▶ **WHAT IS BEING ASKED**
Copy the entries below exactly. Images do not belong in the copy.

(Extracted records)
----------
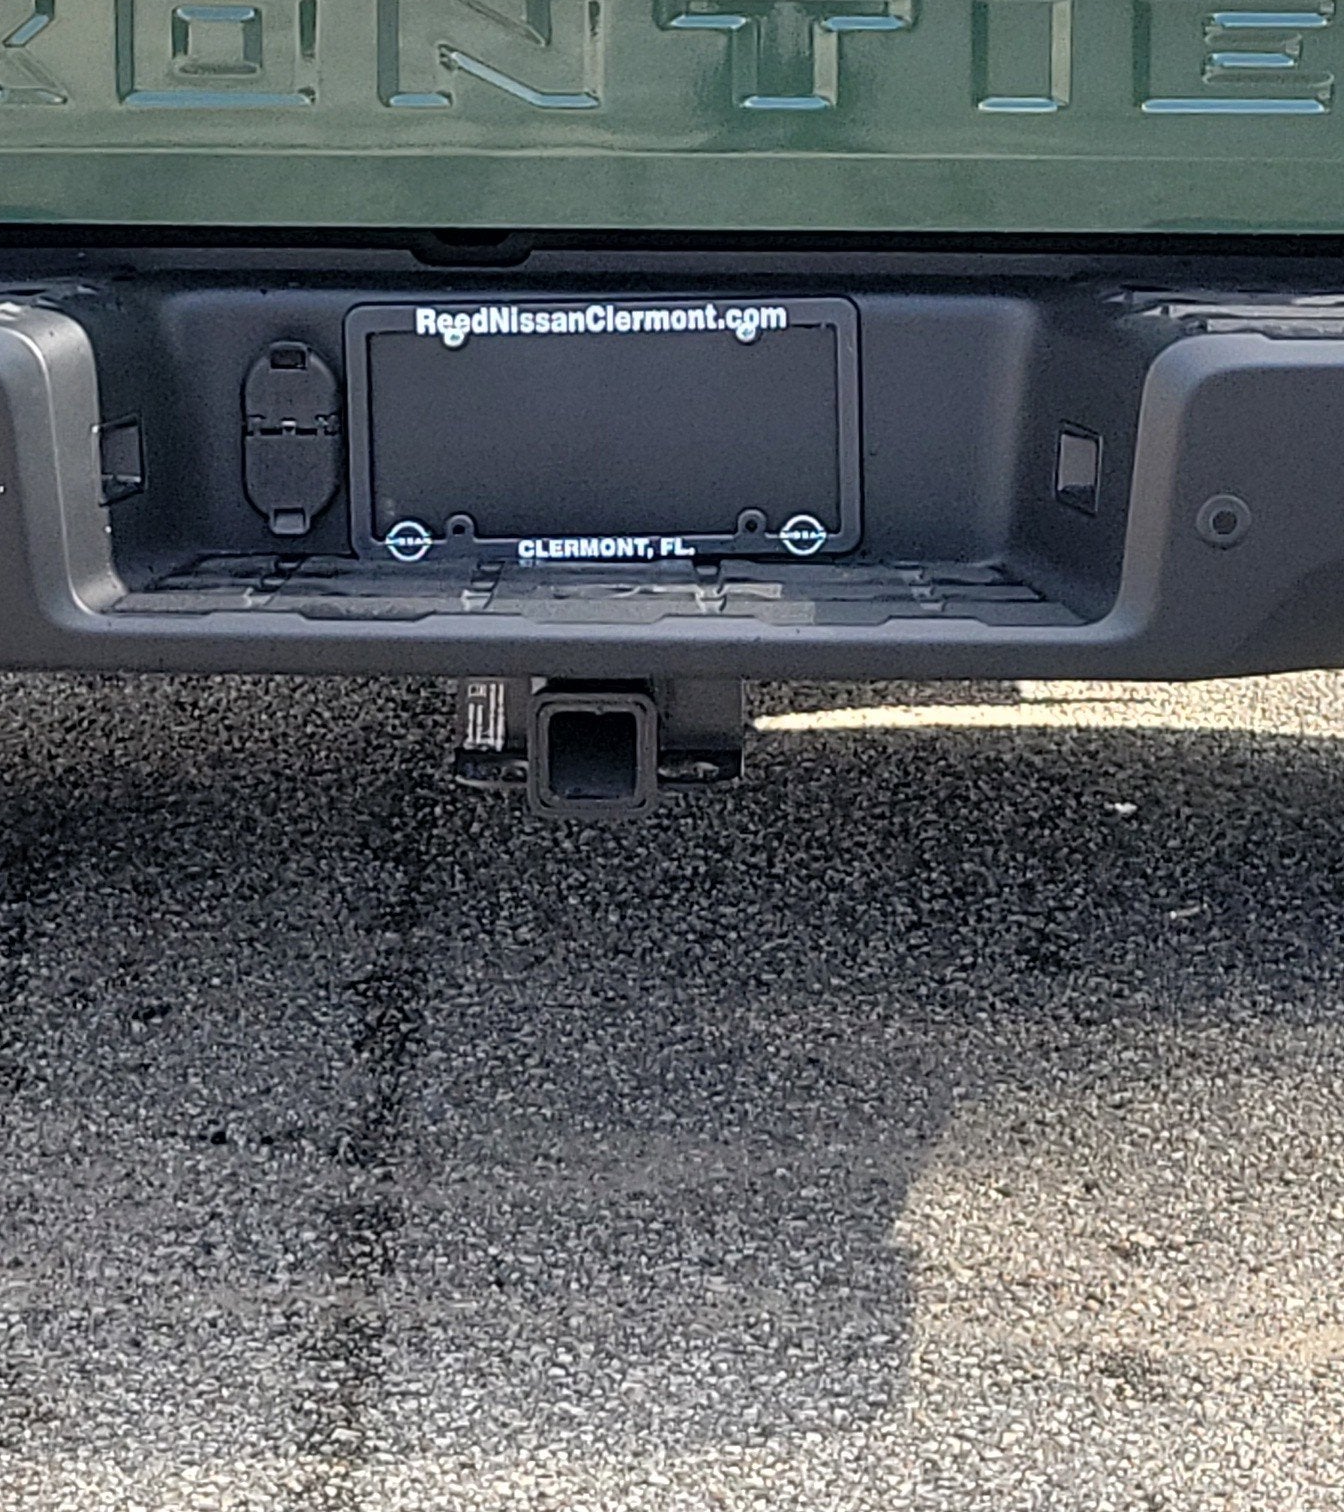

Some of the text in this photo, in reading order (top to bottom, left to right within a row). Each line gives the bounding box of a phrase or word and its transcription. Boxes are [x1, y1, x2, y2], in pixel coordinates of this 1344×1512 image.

[415, 303, 788, 336] ReedNissanClermont.com
[518, 537, 696, 560] CLERMONT, FL.
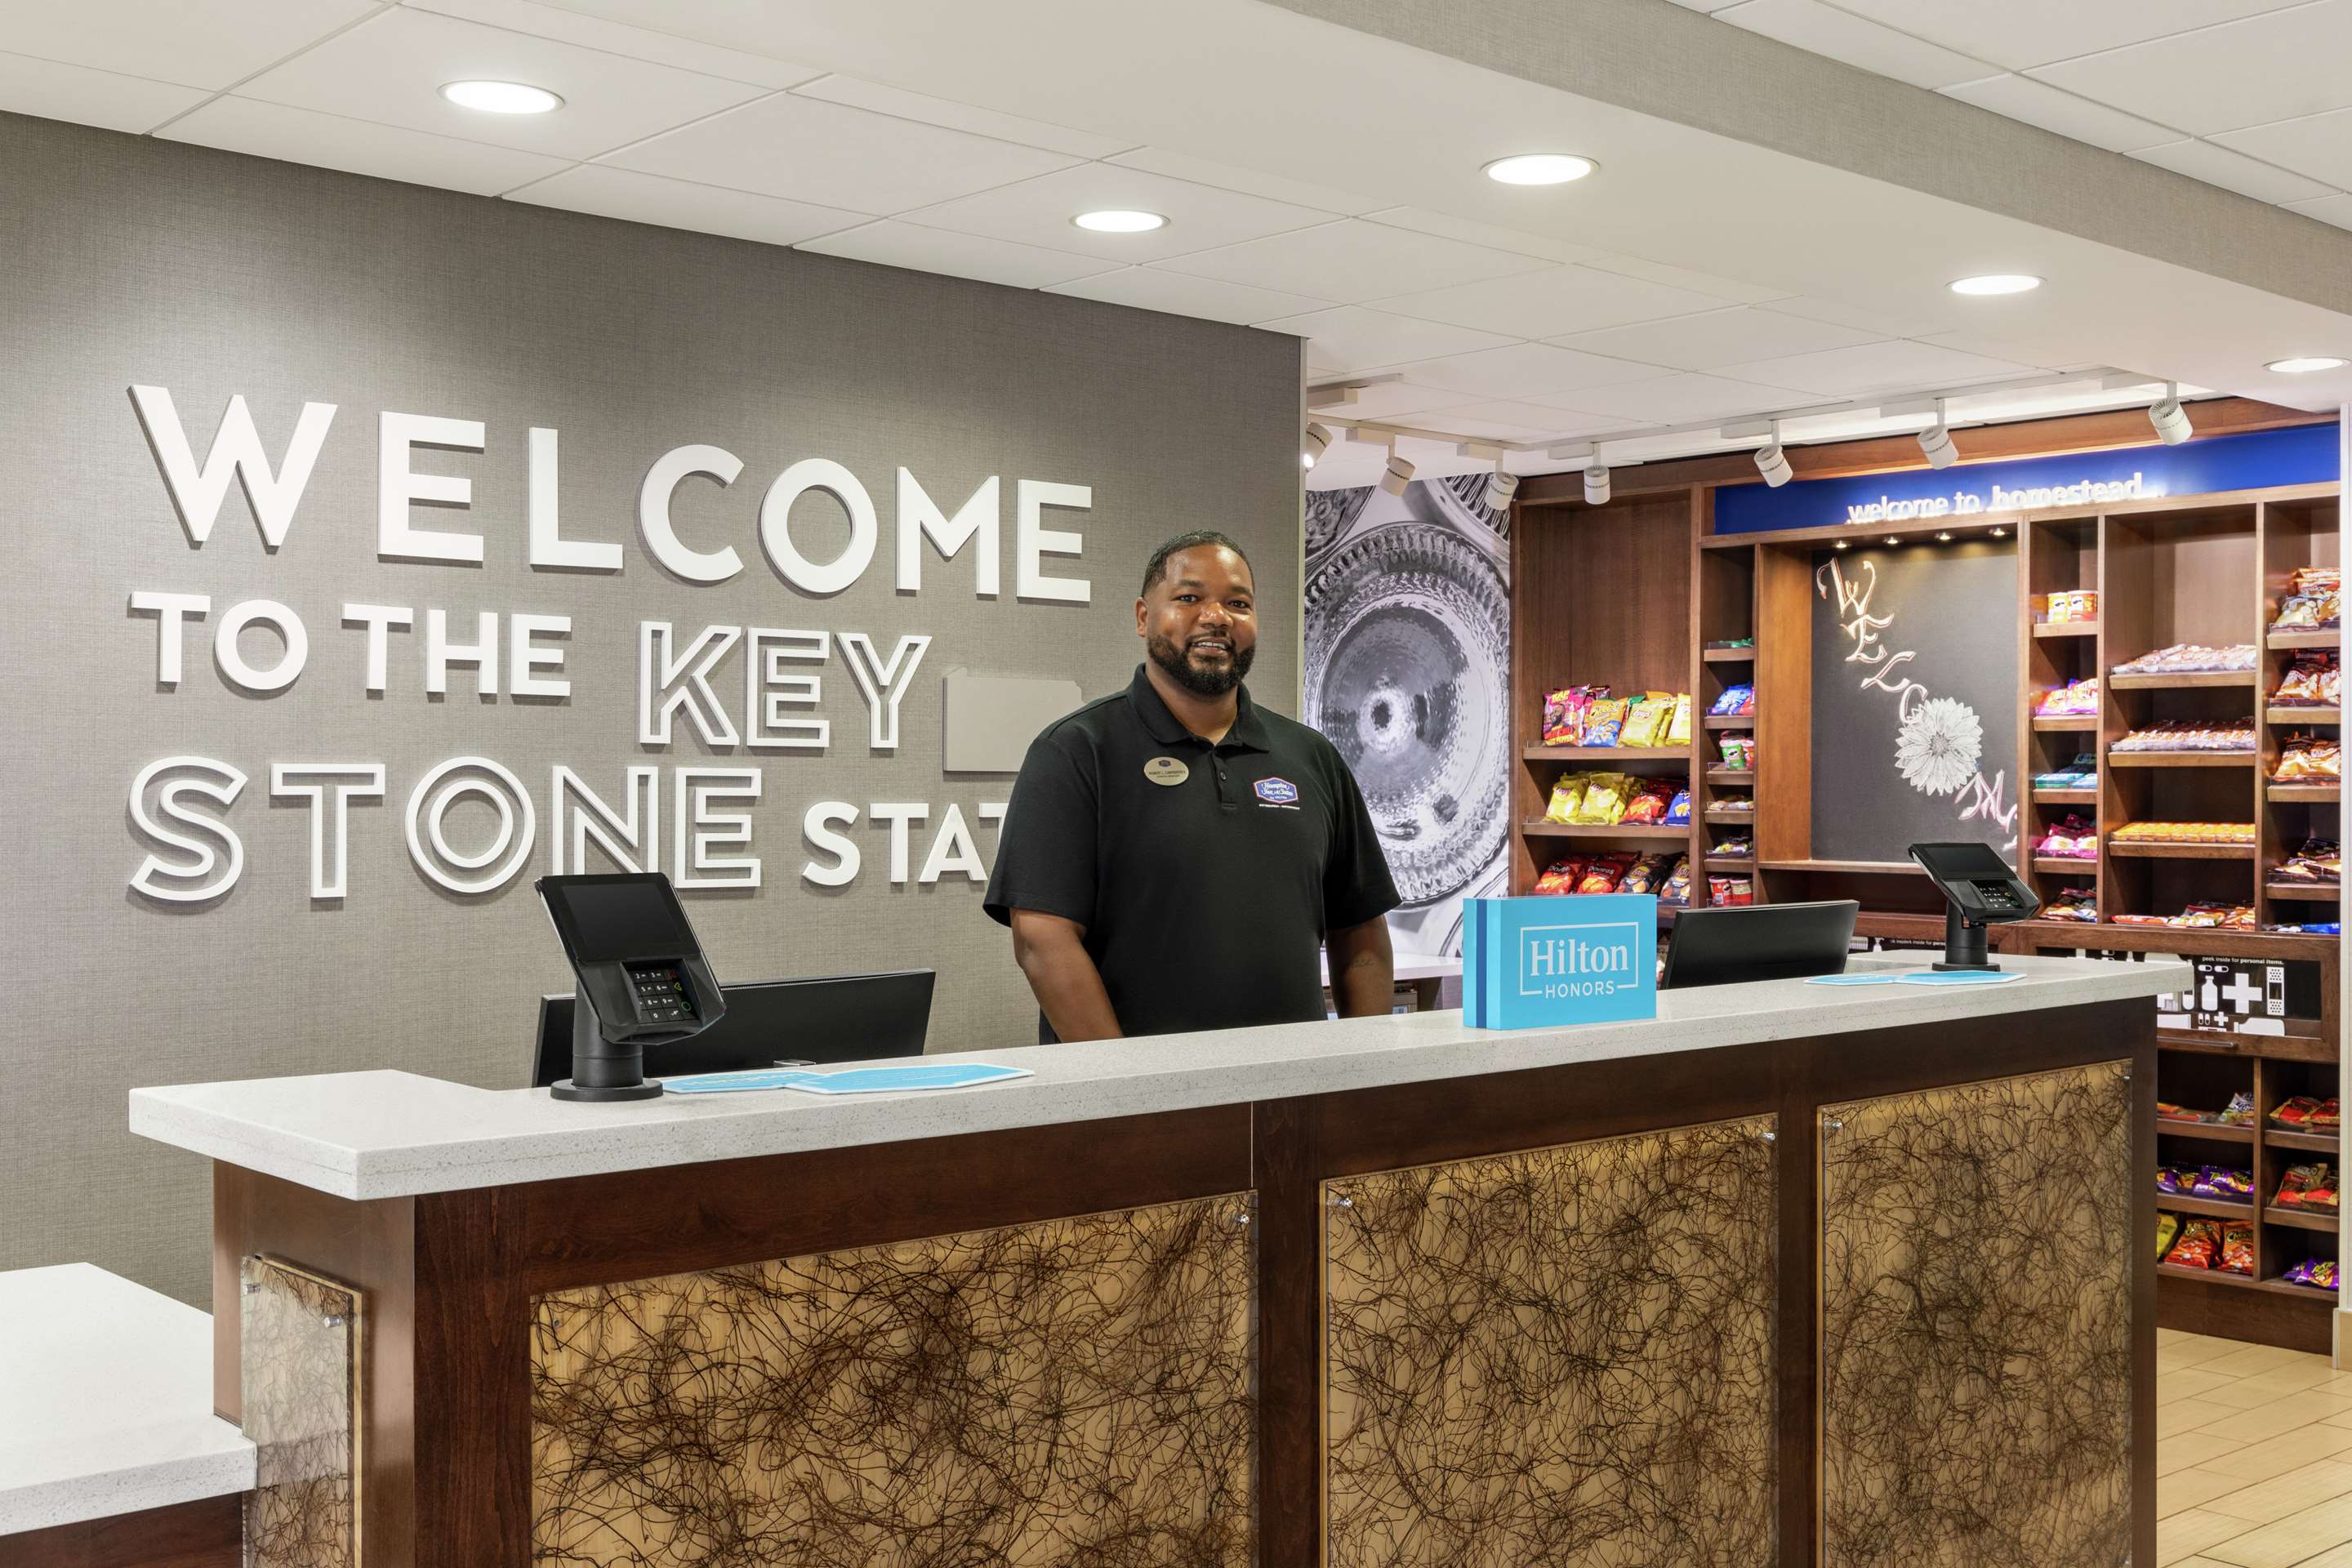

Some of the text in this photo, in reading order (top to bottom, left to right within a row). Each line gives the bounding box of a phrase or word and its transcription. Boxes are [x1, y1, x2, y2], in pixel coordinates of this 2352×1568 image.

[127, 385, 1092, 603] WELCOME
[1846, 472, 2143, 523] welcome to homestead
[131, 590, 933, 749] TO THE KEY
[128, 755, 762, 902] STONE
[1530, 939, 1629, 977] Hilton
[1545, 981, 1615, 999] HONORS
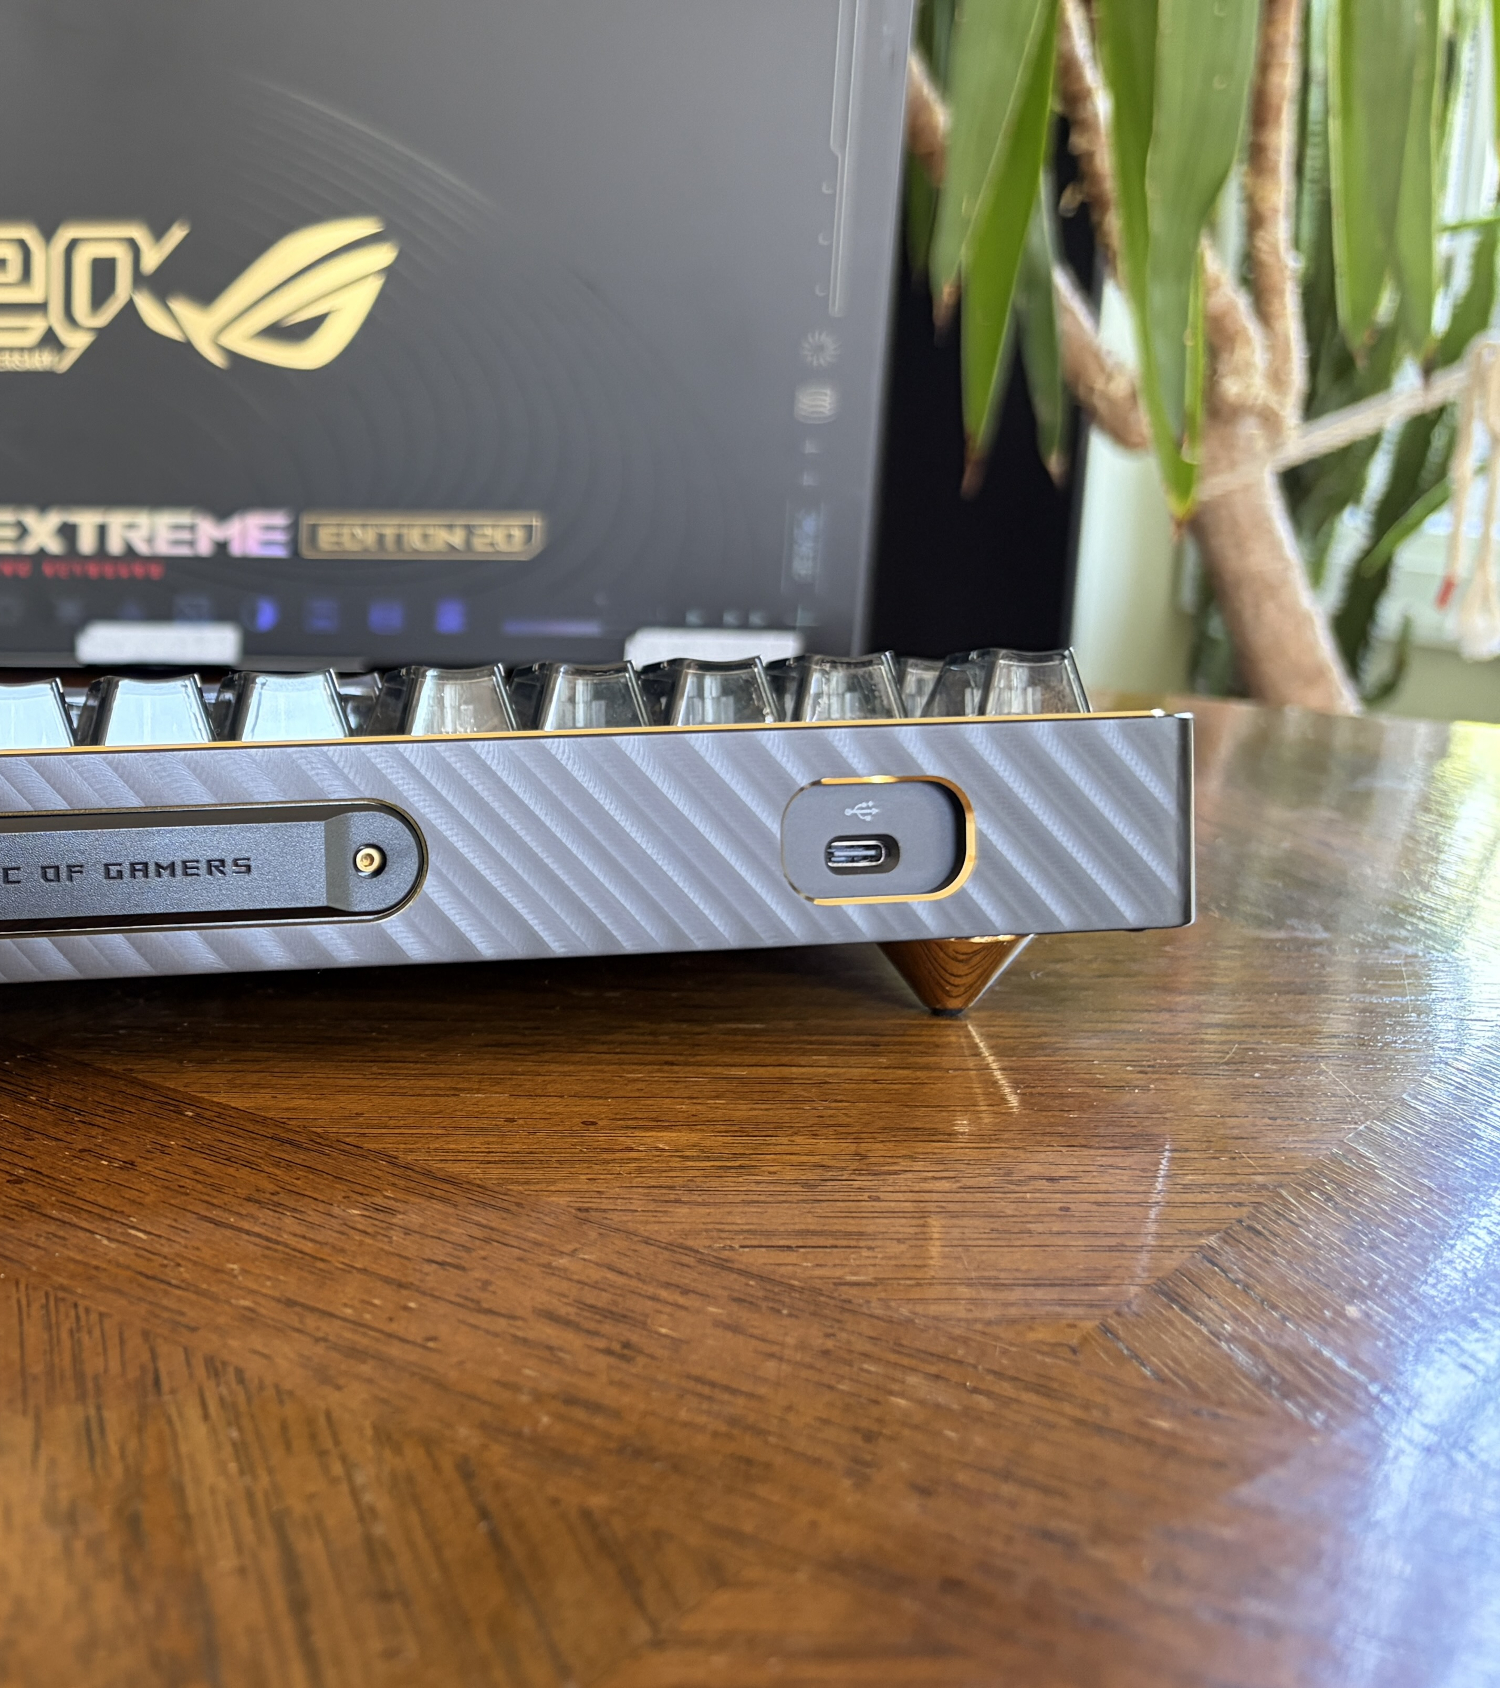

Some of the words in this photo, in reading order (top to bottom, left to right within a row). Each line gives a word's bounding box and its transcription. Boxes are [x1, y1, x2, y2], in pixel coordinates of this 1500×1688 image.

[316, 523, 468, 552] EDITION
[468, 523, 528, 552] 20
[40, 863, 85, 883] OF
[102, 856, 252, 881] GAMERS
----------
▶ **WRITTEN RESPONSE**
Some of the text in this photo, in reading order (top to bottom, left to right within a row). Each line gives the bounding box of a phrase or word and its transcription. Boxes are [x1, y1, x2, y2], in pixel coordinates of this 1344×1512 image.

[415, 303, 788, 336] ReedNissanClermont.com
[518, 537, 696, 560] CLERMONT, FL.

Some of the text in this photo, in reading order (top to bottom, left to right within a row). Each line gives the bounding box of a phrase or word and its transcription. Boxes are [x1, y1, x2, y2], in pixel coordinates of this 2352×1568 image.

[127, 385, 1092, 603] WELCOME
[1846, 472, 2143, 523] welcome to homestead
[131, 590, 933, 749] TO THE KEY
[128, 755, 762, 902] STONE
[1530, 939, 1629, 977] Hilton
[1545, 981, 1615, 999] HONORS

Some of the words in this photo, in reading order (top to bottom, left to right within a row). Each line gives a word's bounding box and its transcription. Boxes are [x1, y1, x2, y2], in pixel coordinates of this 1500×1688 image.

[316, 523, 468, 552] EDITION
[468, 523, 528, 552] 20
[40, 863, 85, 883] OF
[102, 856, 252, 881] GAMERS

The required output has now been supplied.